■ **What this task involves**
From the first line to the last, restate every record word for word, leaving out the pictures.

◆ ◆ ◆ ◆ ◆ ◆ ◆

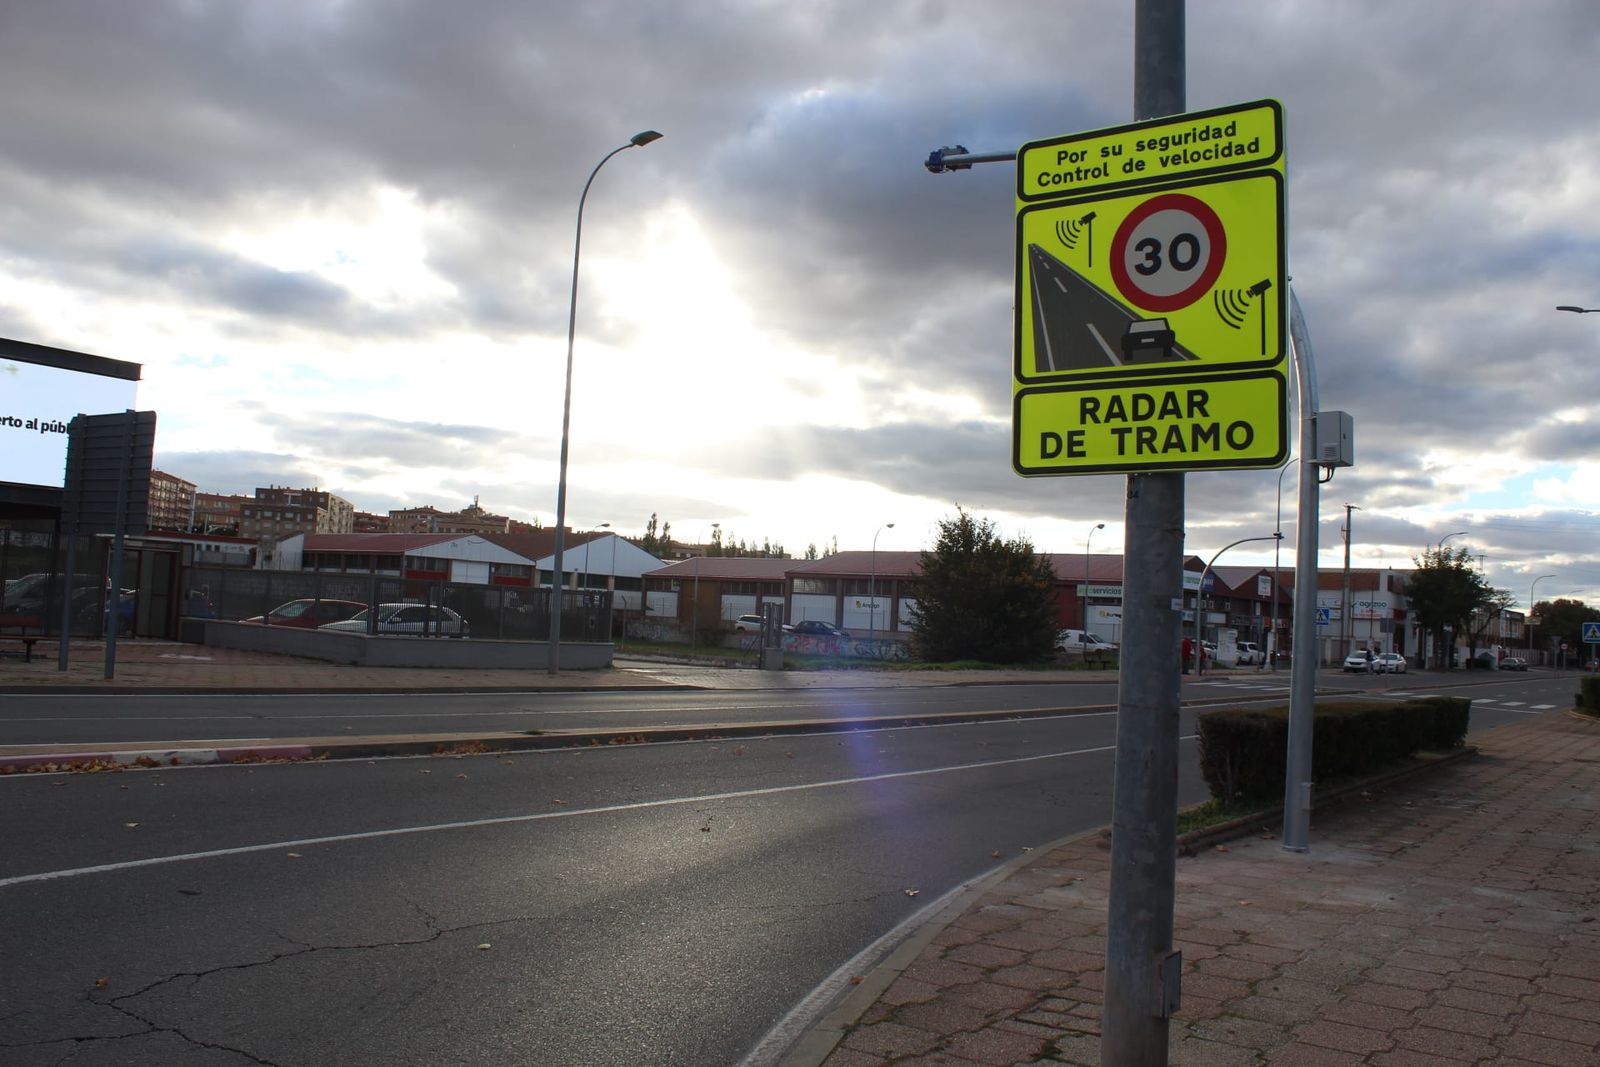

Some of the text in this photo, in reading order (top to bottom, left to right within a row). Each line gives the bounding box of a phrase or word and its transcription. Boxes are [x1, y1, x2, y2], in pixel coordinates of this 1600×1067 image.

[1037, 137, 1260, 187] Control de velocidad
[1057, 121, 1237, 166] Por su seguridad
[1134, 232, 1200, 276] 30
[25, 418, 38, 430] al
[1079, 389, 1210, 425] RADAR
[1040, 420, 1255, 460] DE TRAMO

◆ ◆ ◆ ◆ ◆ ◆ ◆

■ **Task response**
Some of the text in this photo, in reading order (top to bottom, left to right within a row). Each line gives the bounding box of a phrase or word and its transcription. Boxes are [x1, y1, x2, y2], in pixel coordinates of this 1600×1067 image.

[1037, 137, 1260, 187] Control de velocidad
[1057, 121, 1237, 166] Por su seguridad
[1134, 232, 1200, 276] 30
[25, 418, 38, 430] al
[1079, 389, 1210, 425] RADAR
[1040, 420, 1255, 460] DE TRAMO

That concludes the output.